WHAT YOU ARE ASKED TO DO:
Restate every record exactly as it is written, while omitting the pictures it holds.

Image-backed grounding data
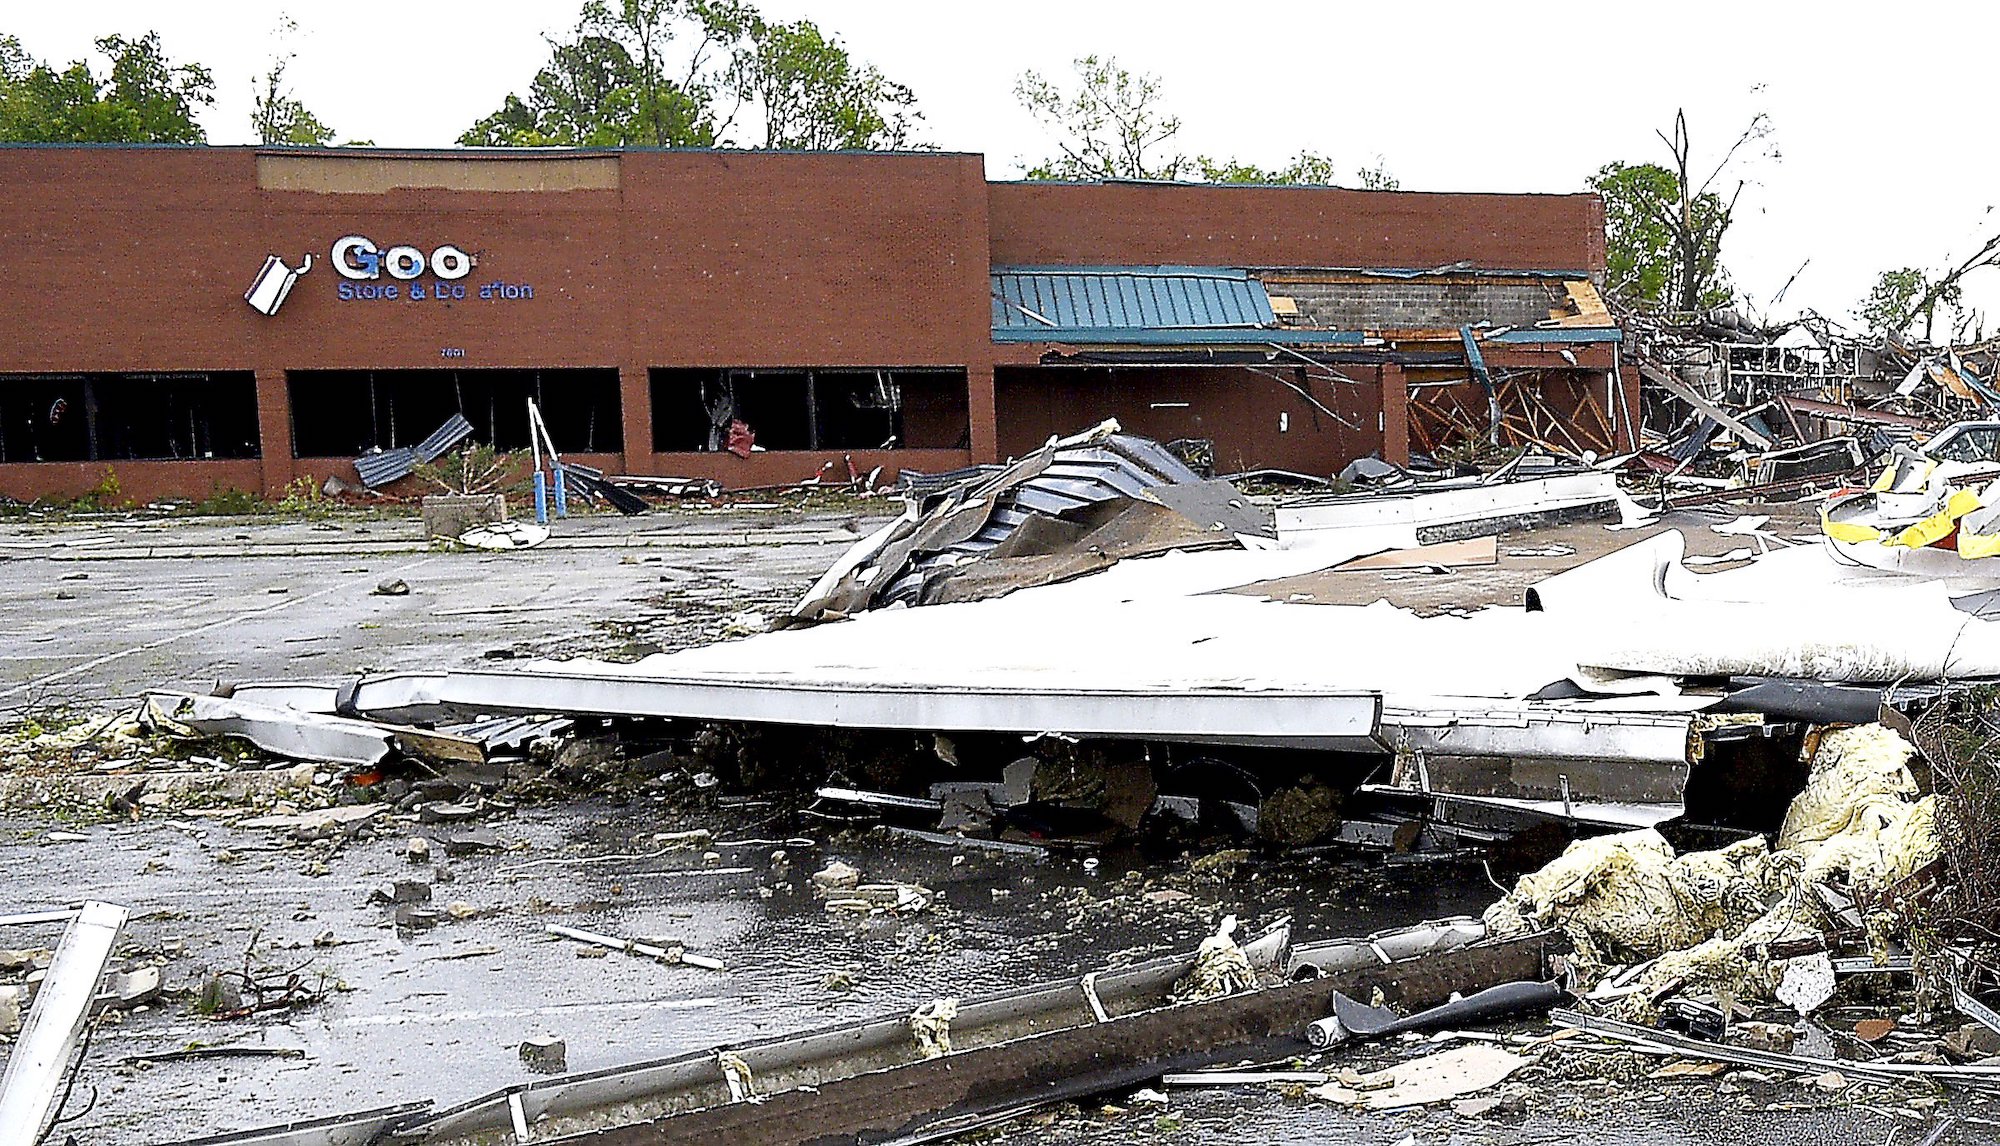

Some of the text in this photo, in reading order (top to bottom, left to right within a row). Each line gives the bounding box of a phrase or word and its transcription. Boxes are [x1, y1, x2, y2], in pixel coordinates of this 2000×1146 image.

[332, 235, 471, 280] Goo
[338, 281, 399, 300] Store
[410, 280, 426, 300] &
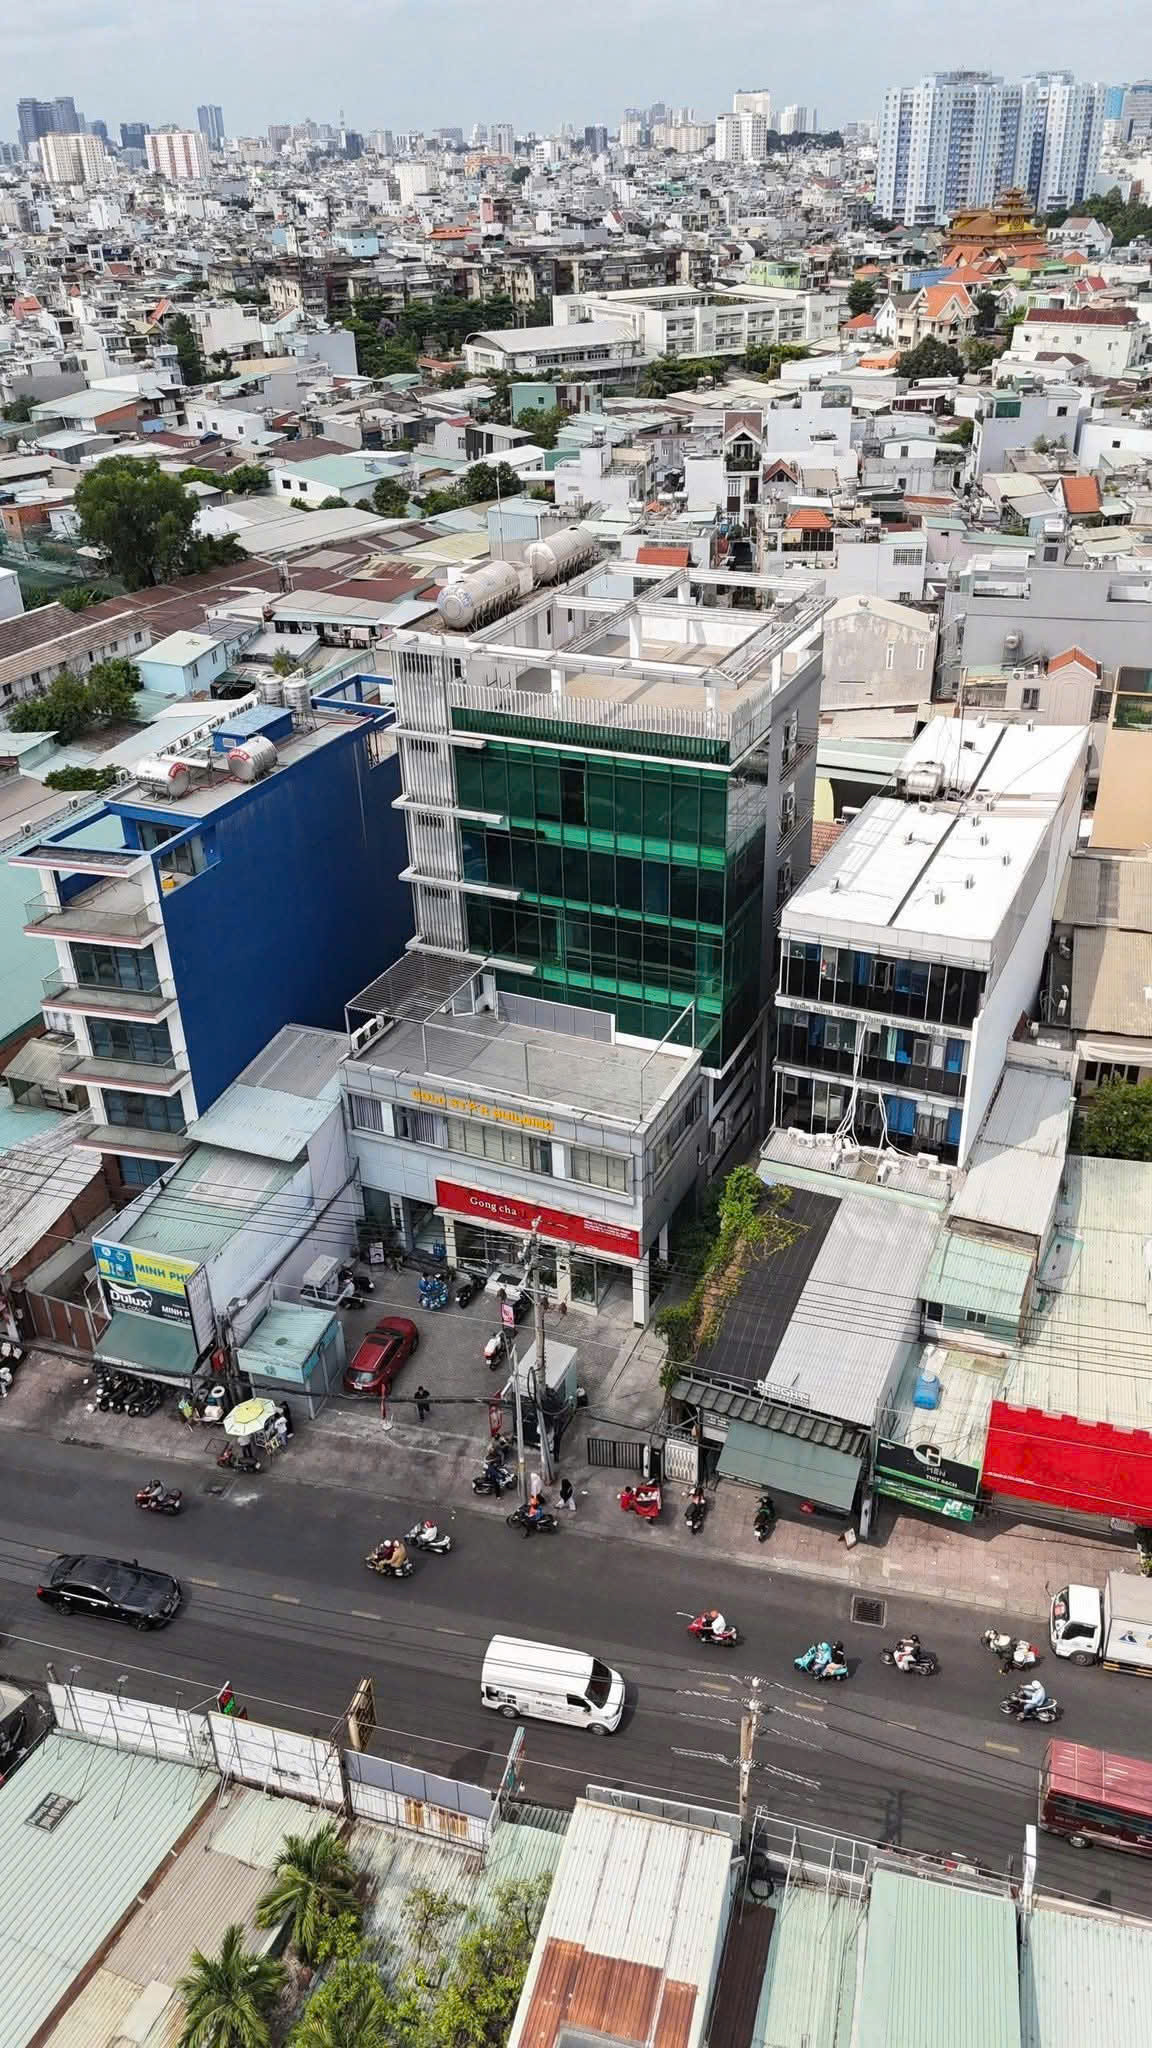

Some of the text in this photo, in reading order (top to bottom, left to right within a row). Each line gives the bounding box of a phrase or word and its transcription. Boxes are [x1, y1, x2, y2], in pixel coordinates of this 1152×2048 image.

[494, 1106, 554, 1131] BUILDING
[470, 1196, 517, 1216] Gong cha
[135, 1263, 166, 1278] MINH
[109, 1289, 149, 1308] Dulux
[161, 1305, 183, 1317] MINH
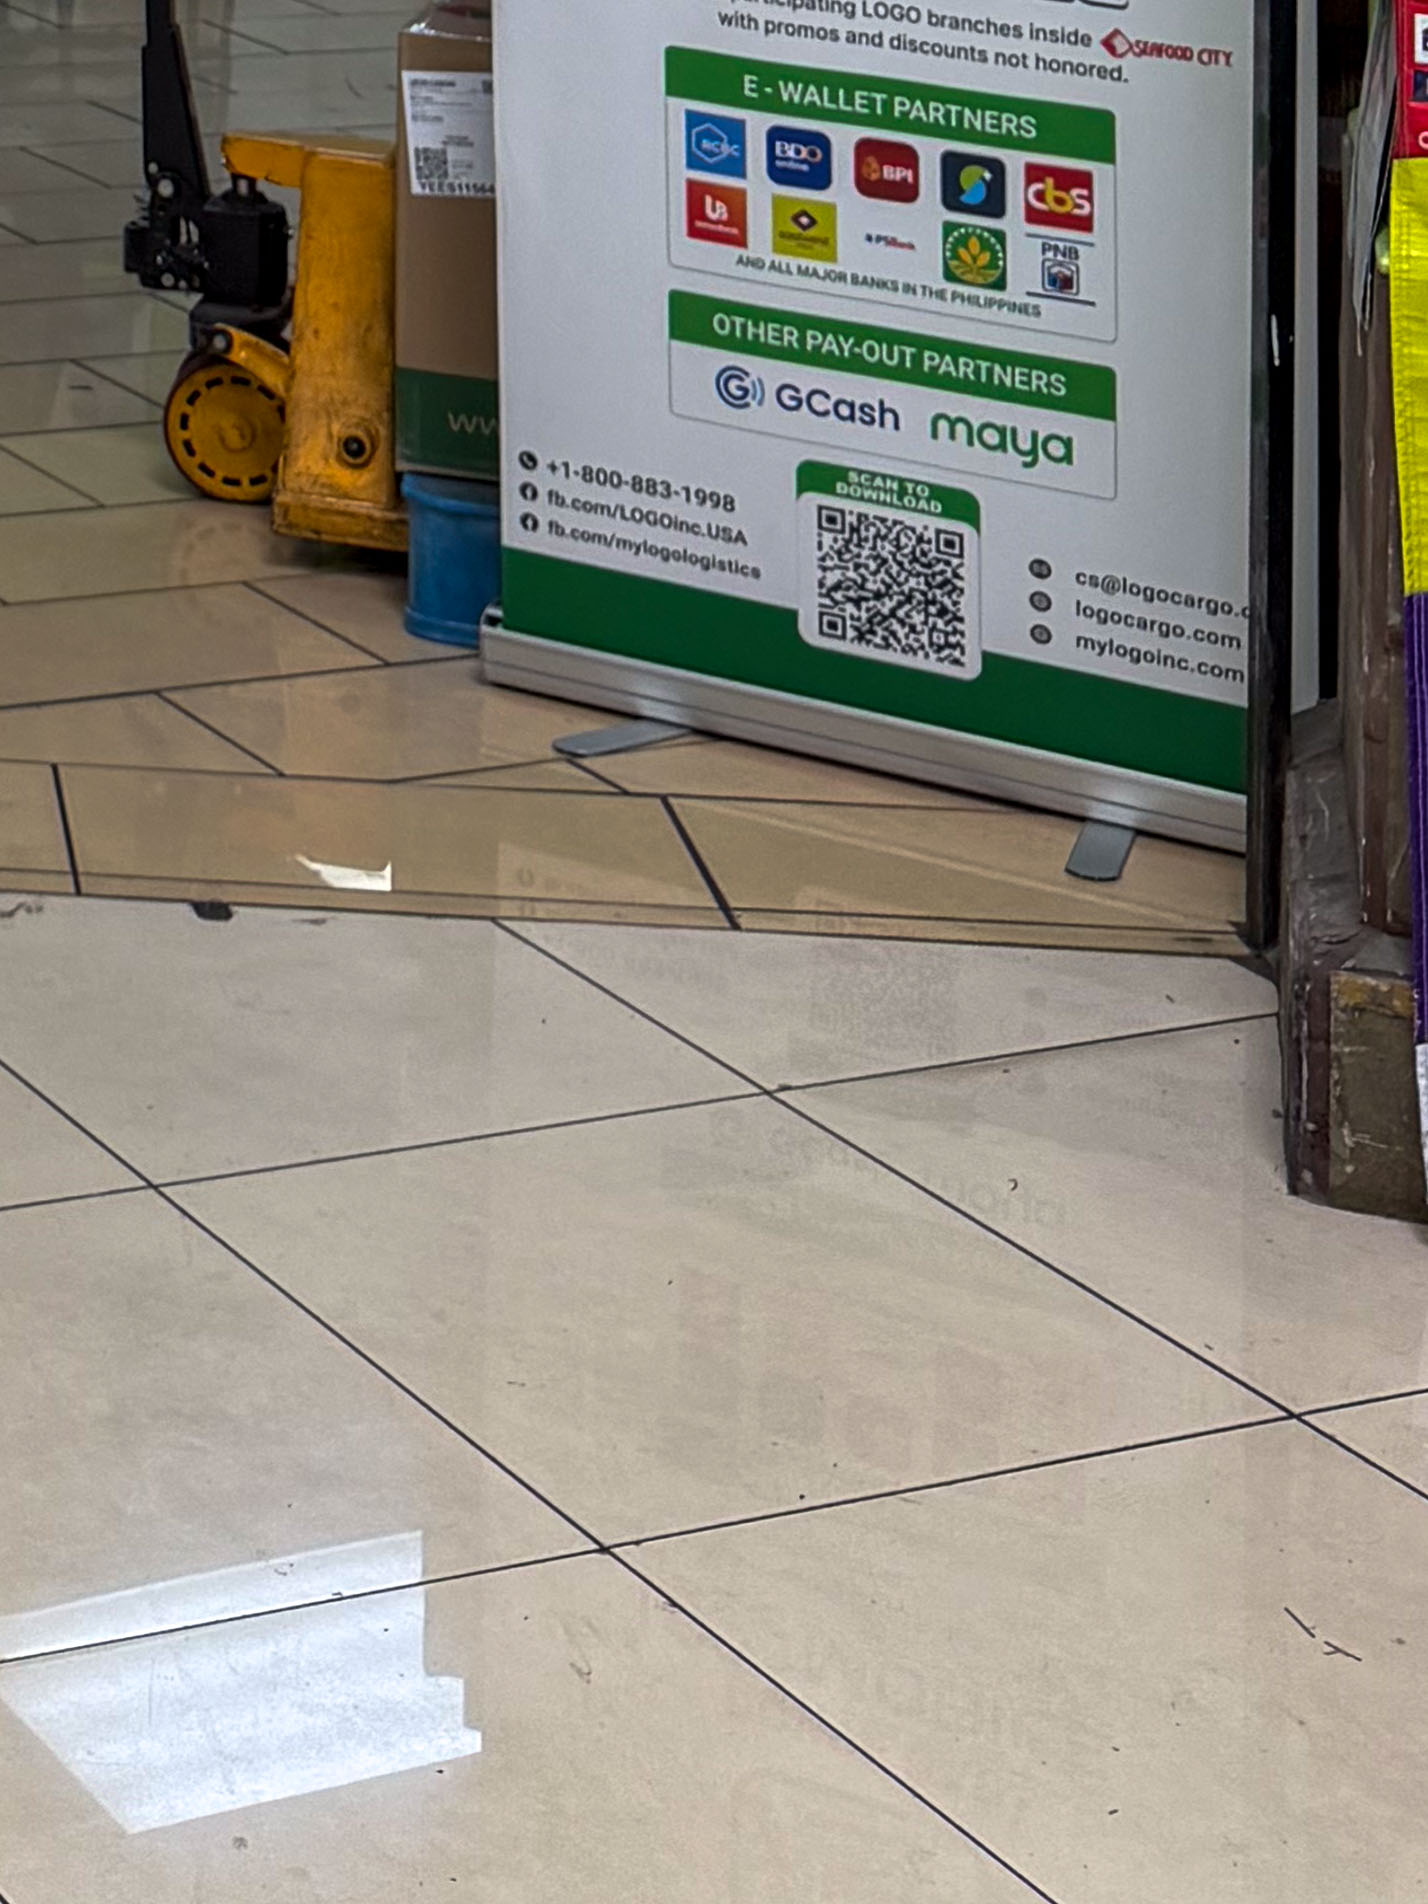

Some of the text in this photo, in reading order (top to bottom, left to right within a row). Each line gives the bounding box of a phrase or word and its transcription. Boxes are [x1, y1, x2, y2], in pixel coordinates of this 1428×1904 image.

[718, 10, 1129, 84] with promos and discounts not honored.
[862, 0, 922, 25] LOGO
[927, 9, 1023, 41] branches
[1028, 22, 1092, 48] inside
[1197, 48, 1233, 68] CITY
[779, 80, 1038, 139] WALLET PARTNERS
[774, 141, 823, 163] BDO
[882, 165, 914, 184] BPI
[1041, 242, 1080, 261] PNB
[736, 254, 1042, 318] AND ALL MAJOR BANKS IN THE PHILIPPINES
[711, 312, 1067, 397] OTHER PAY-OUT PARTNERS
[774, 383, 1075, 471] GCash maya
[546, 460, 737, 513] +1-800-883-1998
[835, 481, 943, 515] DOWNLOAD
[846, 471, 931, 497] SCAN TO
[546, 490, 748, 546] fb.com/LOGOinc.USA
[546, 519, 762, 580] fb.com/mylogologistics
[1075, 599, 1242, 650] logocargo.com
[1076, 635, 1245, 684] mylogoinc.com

ANSWER BOX:
Some of the text in this photo, in reading order (top to bottom, left to right within a row). Each line gives the bounding box of a phrase or word and its transcription. Boxes are [x1, y1, x2, y2], in pixel coordinates of this 2000×1146 image.

[332, 235, 471, 280] Goo
[338, 281, 399, 300] Store
[410, 280, 426, 300] &

Some of the text in this photo, in reading order (top to bottom, left to right within a row). Each line gives the bounding box of a phrase or word and its transcription. Boxes are [x1, y1, x2, y2], in pixel coordinates of this 1152×2048 image.

[494, 1106, 554, 1131] BUILDING
[470, 1196, 517, 1216] Gong cha
[135, 1263, 166, 1278] MINH
[109, 1289, 149, 1308] Dulux
[161, 1305, 183, 1317] MINH

Some of the text in this photo, in reading order (top to bottom, left to right within a row). Each line gives the bounding box of a phrase or word and its transcription. Boxes are [x1, y1, x2, y2], in pixel coordinates of this 1428×1904 image.

[718, 10, 1129, 84] with promos and discounts not honored.
[862, 0, 922, 25] LOGO
[927, 9, 1023, 41] branches
[1028, 22, 1092, 48] inside
[1197, 48, 1233, 68] CITY
[779, 80, 1038, 139] WALLET PARTNERS
[774, 141, 823, 163] BDO
[882, 165, 914, 184] BPI
[1041, 242, 1080, 261] PNB
[736, 254, 1042, 318] AND ALL MAJOR BANKS IN THE PHILIPPINES
[711, 312, 1067, 397] OTHER PAY-OUT PARTNERS
[774, 383, 1075, 471] GCash maya
[546, 460, 737, 513] +1-800-883-1998
[835, 481, 943, 515] DOWNLOAD
[846, 471, 931, 497] SCAN TO
[546, 490, 748, 546] fb.com/LOGOinc.USA
[546, 519, 762, 580] fb.com/mylogologistics
[1075, 599, 1242, 650] logocargo.com
[1076, 635, 1245, 684] mylogoinc.com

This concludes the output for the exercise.